• [DATASET RECORDS]
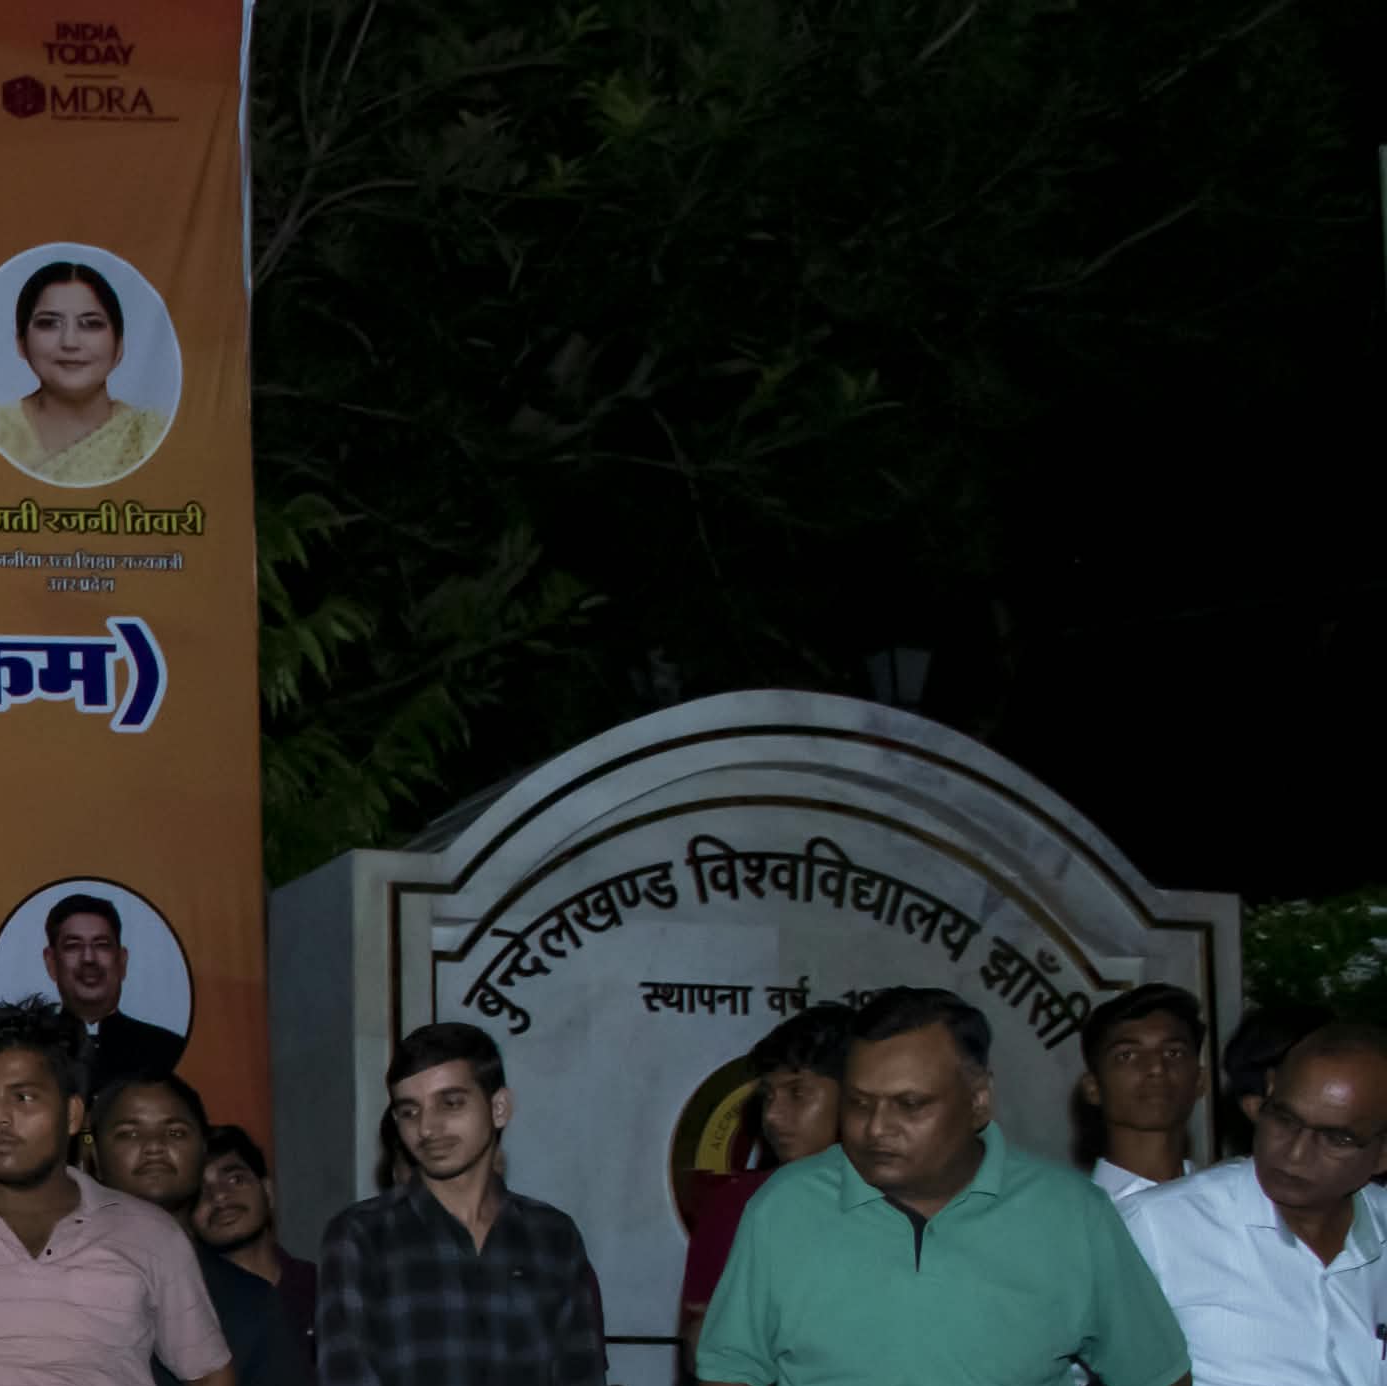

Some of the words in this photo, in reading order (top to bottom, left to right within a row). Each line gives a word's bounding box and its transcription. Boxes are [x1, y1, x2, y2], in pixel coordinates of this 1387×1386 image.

[55, 23, 122, 41] INDIA
[43, 42, 136, 65] TODAY
[50, 86, 154, 114] MDRA
[43, 500, 120, 534] रजनी
[123, 500, 205, 535] तिवारी
[462, 860, 678, 1036] बुन्देलखण्ड
[684, 834, 984, 964] विश्वविद्यालय
[978, 934, 1092, 1051] झाँसी
[639, 981, 753, 1016] स्थापना
[764, 976, 811, 1016] वर्ष

• [REQUIREMENT] Print the whole listing again exactly, please. No pictures.

• [RESULT OF THIS TASK]
Some of the words in this photo, in reading order (top to bottom, left to right within a row). Each line gives a word's bounding box and its transcription. Boxes are [x1, y1, x2, y2], in pixel coordinates of this 1387×1386 image.

[55, 23, 122, 41] INDIA
[43, 42, 136, 65] TODAY
[50, 86, 154, 114] MDRA
[43, 500, 120, 534] रजनी
[123, 500, 205, 535] तिवारी
[462, 860, 678, 1036] बुन्देलखण्ड
[684, 834, 984, 964] विश्वविद्यालय
[978, 934, 1092, 1051] झाँसी
[639, 981, 753, 1016] स्थापना
[764, 976, 811, 1016] वर्ष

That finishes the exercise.